> **TASK PROMPT**
An exact transcription of all the data is the expected reply.

> **RAW DATA**
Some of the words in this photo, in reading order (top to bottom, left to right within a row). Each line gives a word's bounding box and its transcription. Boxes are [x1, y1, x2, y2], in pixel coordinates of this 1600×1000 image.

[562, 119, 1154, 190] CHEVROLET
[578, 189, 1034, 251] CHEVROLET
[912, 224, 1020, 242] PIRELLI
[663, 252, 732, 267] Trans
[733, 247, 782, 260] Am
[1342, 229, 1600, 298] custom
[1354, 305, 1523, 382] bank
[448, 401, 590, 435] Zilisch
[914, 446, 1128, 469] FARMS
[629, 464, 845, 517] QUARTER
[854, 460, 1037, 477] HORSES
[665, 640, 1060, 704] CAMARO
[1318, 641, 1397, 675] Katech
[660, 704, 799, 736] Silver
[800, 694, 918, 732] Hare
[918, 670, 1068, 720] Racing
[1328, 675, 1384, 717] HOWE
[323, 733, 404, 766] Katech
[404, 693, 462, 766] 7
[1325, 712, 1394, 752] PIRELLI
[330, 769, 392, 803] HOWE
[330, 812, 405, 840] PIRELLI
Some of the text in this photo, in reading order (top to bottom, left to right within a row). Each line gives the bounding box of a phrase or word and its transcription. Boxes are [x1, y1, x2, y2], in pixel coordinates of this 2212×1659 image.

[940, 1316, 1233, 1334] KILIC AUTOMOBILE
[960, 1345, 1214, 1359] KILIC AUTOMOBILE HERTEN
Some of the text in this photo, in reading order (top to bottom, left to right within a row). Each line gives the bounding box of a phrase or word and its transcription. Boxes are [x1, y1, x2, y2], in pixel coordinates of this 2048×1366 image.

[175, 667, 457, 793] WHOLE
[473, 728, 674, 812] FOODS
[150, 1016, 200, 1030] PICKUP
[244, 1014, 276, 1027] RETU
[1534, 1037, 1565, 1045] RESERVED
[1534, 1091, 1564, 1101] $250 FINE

> **TASK OUTPUT**
Some of the words in this photo, in reading order (top to bottom, left to right within a row). Each line gives a word's bounding box and its transcription. Boxes are [x1, y1, x2, y2], in pixel coordinates of this 1600×1000 image.

[562, 119, 1154, 190] CHEVROLET
[578, 189, 1034, 251] CHEVROLET
[912, 224, 1020, 242] PIRELLI
[663, 252, 732, 267] Trans
[733, 247, 782, 260] Am
[1342, 229, 1600, 298] custom
[1354, 305, 1523, 382] bank
[448, 401, 590, 435] Zilisch
[914, 446, 1128, 469] FARMS
[629, 464, 845, 517] QUARTER
[854, 460, 1037, 477] HORSES
[665, 640, 1060, 704] CAMARO
[1318, 641, 1397, 675] Katech
[660, 704, 799, 736] Silver
[800, 694, 918, 732] Hare
[918, 670, 1068, 720] Racing
[1328, 675, 1384, 717] HOWE
[323, 733, 404, 766] Katech
[404, 693, 462, 766] 7
[1325, 712, 1394, 752] PIRELLI
[330, 769, 392, 803] HOWE
[330, 812, 405, 840] PIRELLI
Some of the text in this photo, in reading order (top to bottom, left to right within a row). Each line gives the bounding box of a phrase or word and its transcription. Boxes are [x1, y1, x2, y2], in pixel coordinates of this 2212×1659 image.

[940, 1316, 1233, 1334] KILIC AUTOMOBILE
[960, 1345, 1214, 1359] KILIC AUTOMOBILE HERTEN
Some of the text in this photo, in reading order (top to bottom, left to right within a row). Each line gives the bounding box of a phrase or word and its transcription. Boxes are [x1, y1, x2, y2], in pixel coordinates of this 2048×1366 image.

[175, 667, 457, 793] WHOLE
[473, 728, 674, 812] FOODS
[150, 1016, 200, 1030] PICKUP
[244, 1014, 276, 1027] RETU
[1534, 1037, 1565, 1045] RESERVED
[1534, 1091, 1564, 1101] $250 FINE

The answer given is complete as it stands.